Mark As Completed Discussion

Types of Anomalies

When it comes to outlier analysis the first step is knowing what type of anomaly you are up against. Being able to accurately categorize outliers sharpens the focus of automated anomaly detection and yields much better result. Here we have three categories to categorize anomalies.

Global Outliers

A data point or points are considered to be a global outlier if their values are far outside everything else in the dataset.

For example, the exponential spike in Zoom usage at the start of the pandemic is an example of a global outlier when comparing those numbers to the pre-COVID user base. This is an example of a dream global outlier for a business.

Contextual Outliers

A data point is considered to be a contextual outlier if its value deviates significantly from the rest of the data points that are in the same context. However that same data point may not be considered an outlier if it occurs in a different context.
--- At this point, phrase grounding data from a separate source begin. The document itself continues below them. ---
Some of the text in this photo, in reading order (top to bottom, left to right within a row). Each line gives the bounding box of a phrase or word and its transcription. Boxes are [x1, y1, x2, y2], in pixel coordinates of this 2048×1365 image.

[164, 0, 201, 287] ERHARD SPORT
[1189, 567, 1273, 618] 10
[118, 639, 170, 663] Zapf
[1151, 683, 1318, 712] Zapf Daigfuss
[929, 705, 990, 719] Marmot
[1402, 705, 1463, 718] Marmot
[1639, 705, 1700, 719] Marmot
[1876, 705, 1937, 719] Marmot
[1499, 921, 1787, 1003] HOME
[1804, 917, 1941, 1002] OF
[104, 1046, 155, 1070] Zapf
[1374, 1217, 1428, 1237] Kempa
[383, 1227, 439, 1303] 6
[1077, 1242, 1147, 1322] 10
Let's look an example, there is a sudden surge in order volume of a TV at an eCommerce company in the middle of the night. It's a contextual outlier because you wouldn't expect this high volume to occur outside daytime. Upon further inspection the business finds a pricing glitch where someone has entered the price of the TV as €6.99 rather than the actual price of €400. This example is actually a true story from Darty, a famous French electrical retailing company.

Types of Anomalies

Collective outliers

A group of data points are considered collective outliers when they are significantly different from the rest of the entire dateset. However each data point on its own wouldn't be considered anomalous in either a contextual or a global sense. Individually the time series behavior doesn't deviate significantly from the normal range however when when the time series are combined they indicate a bigger issue.
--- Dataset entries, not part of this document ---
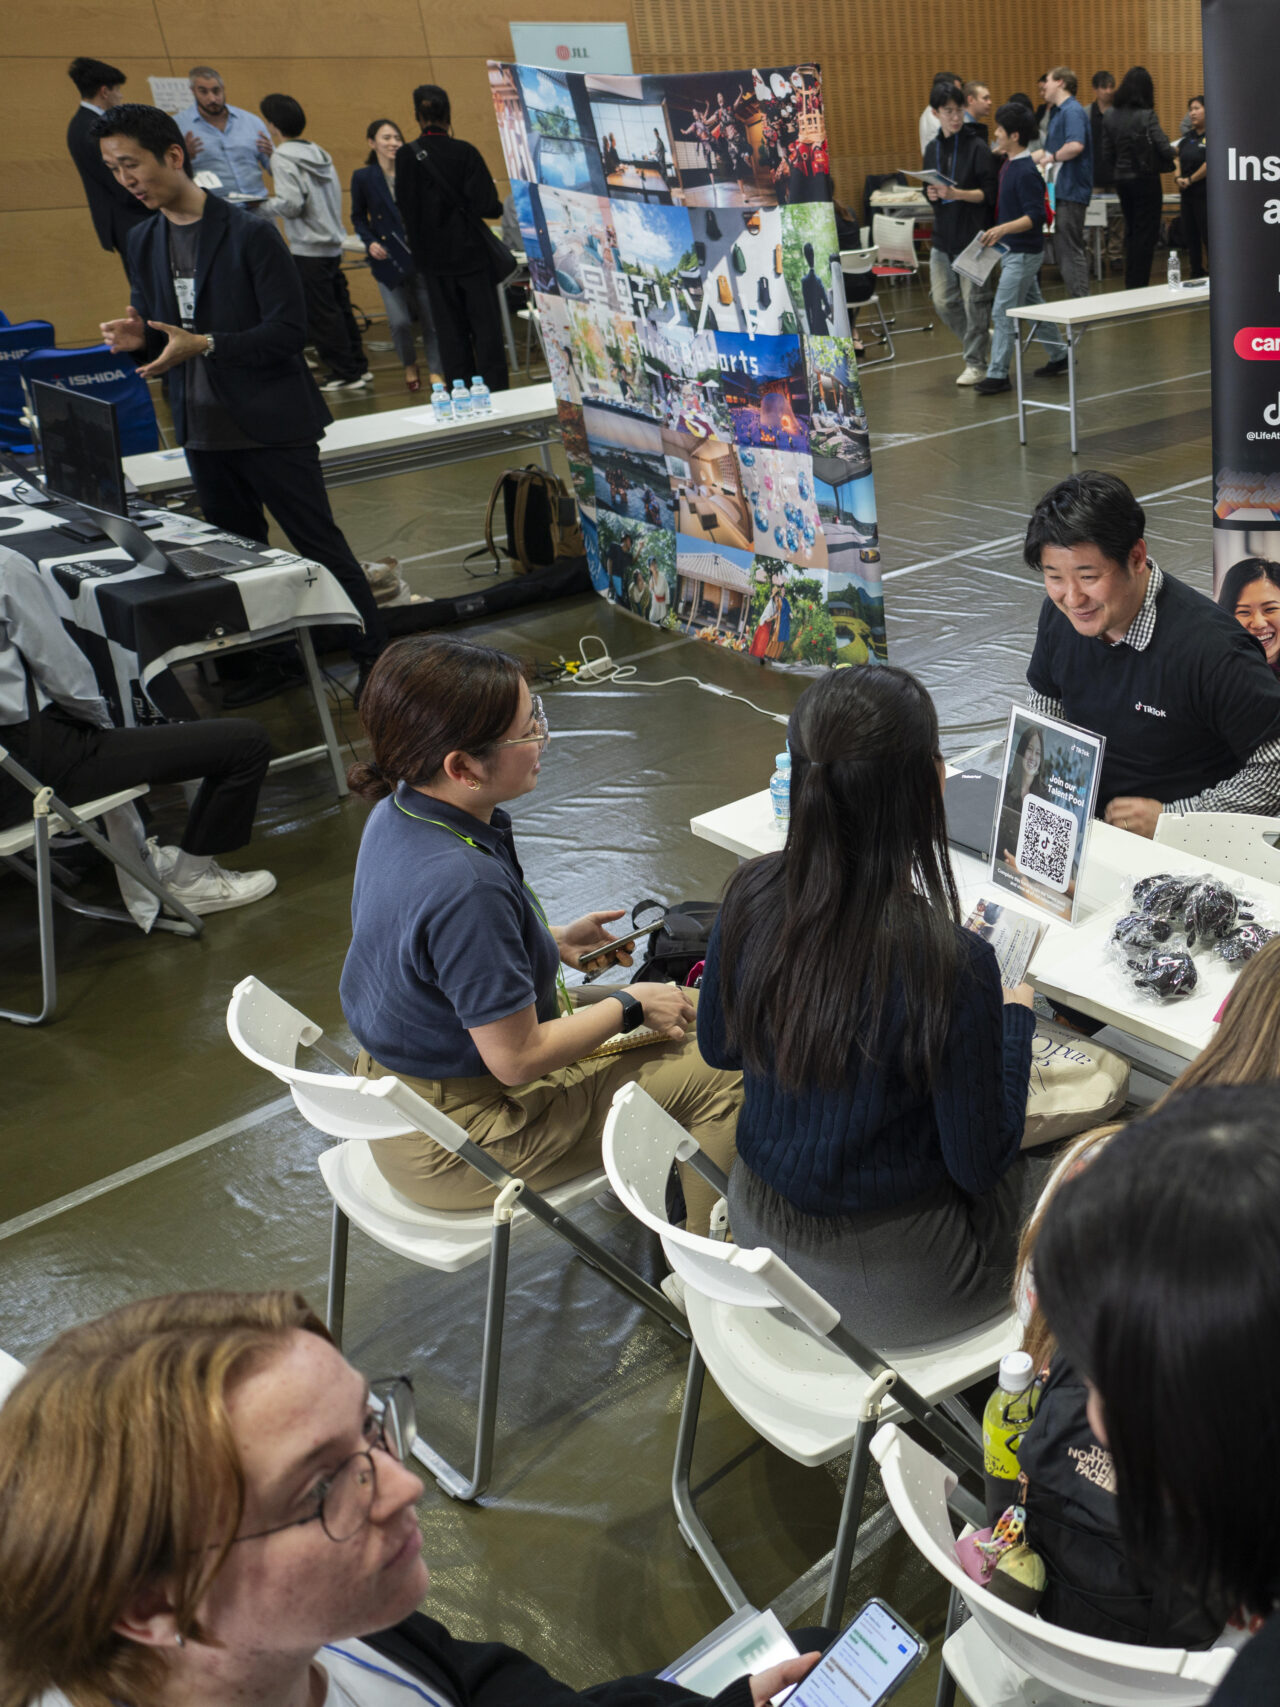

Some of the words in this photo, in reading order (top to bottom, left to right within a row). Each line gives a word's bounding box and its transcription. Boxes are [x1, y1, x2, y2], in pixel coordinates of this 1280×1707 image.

[572, 47, 591, 58] JLL
[68, 369, 126, 387] ISHIDA
[1142, 704, 1167, 718] TikTok
[1049, 774, 1064, 787] Join
[1064, 782, 1077, 792] our
[1048, 784, 1068, 800] Talent
[1068, 794, 1085, 807] Pool
[1067, 1446, 1112, 1475] NORTH
[1089, 1444, 1114, 1463] THE
[1074, 1460, 1106, 1487] FACE
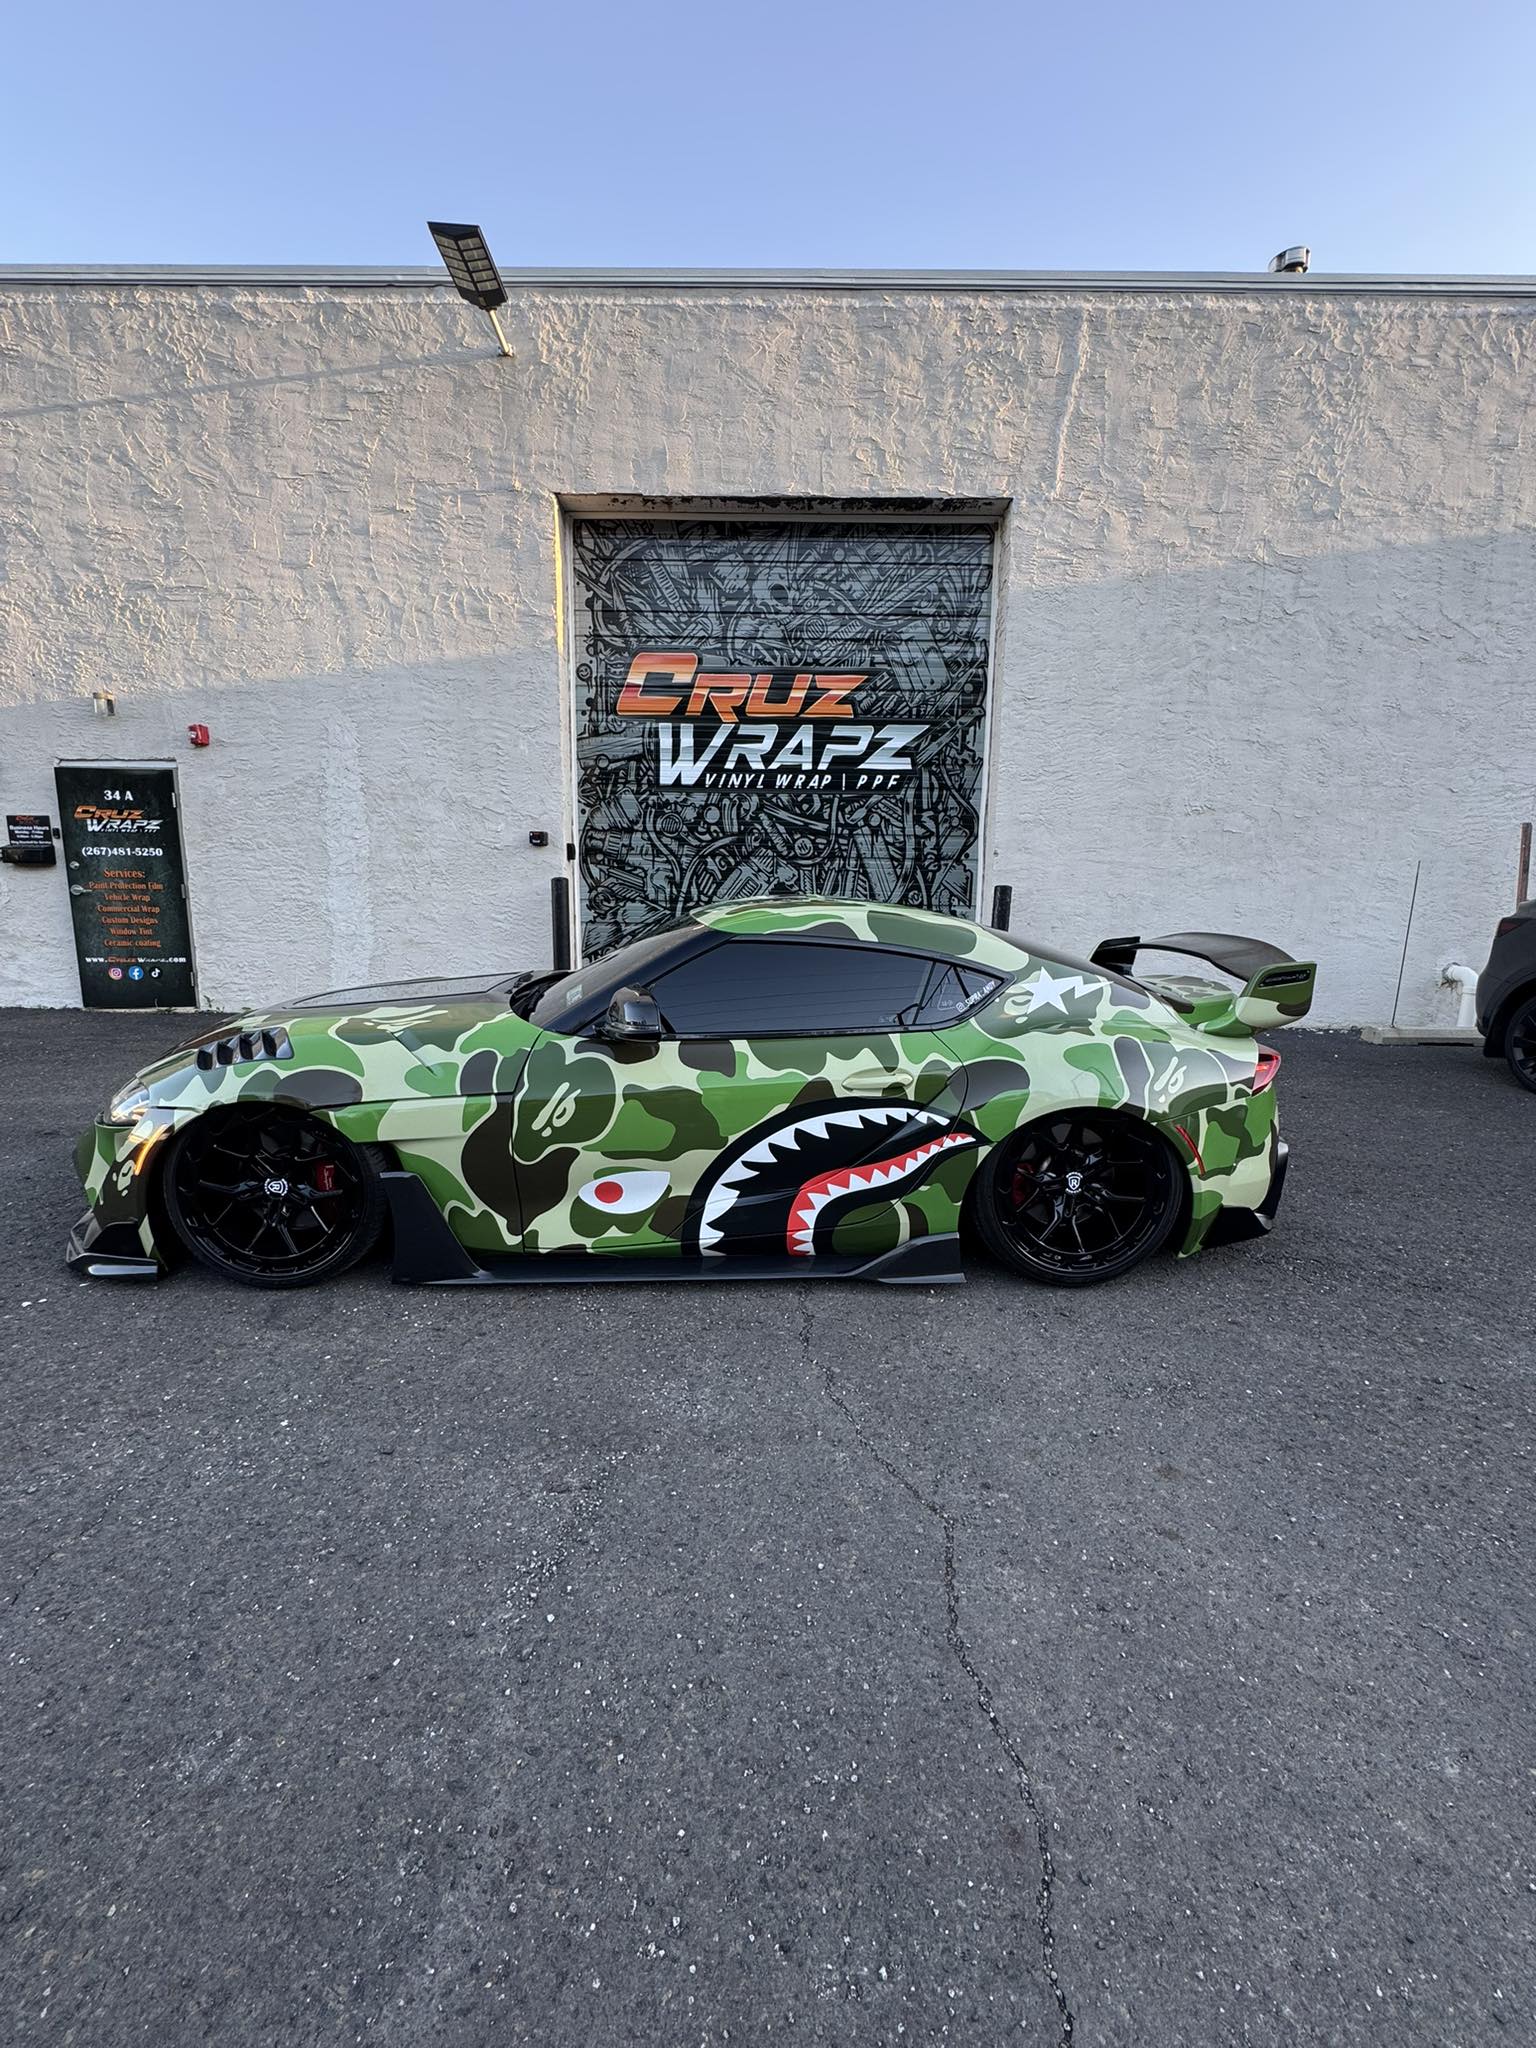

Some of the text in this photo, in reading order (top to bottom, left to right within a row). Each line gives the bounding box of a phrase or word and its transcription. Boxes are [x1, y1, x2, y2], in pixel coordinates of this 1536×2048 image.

[616, 651, 869, 723] CRUZ
[658, 722, 931, 787] WRAPZ
[704, 773, 765, 789] VINYL
[774, 774, 832, 790] WRAP
[855, 774, 900, 790] PPF
[103, 789, 134, 801] 34 A
[74, 805, 145, 819] CRUZ
[86, 818, 163, 832] WRAPZ
[81, 846, 164, 857] (267)481-5250
[103, 868, 146, 878] Services:
[109, 881, 147, 890] Protection
[104, 893, 151, 903] Vehicle Wrap
[97, 904, 160, 914] Commercial Wrap
[101, 916, 159, 925] Custom Designs
[103, 939, 133, 947] Ceramic
Let's take an example, imagine you're running an ad campaign. As your budget increases you will expect to see an increase in both impressions and ad clicks. However the actual result seen is an increase in the number of impressions but a decrease in the number of ad clicks. In this case either the increase in impressions or the drop in ad clicks is not abnormal but when they happen together it suggests that you have an issue with your campaign. Perhaps you are serving an empty ad or you're serving to the wrong audience.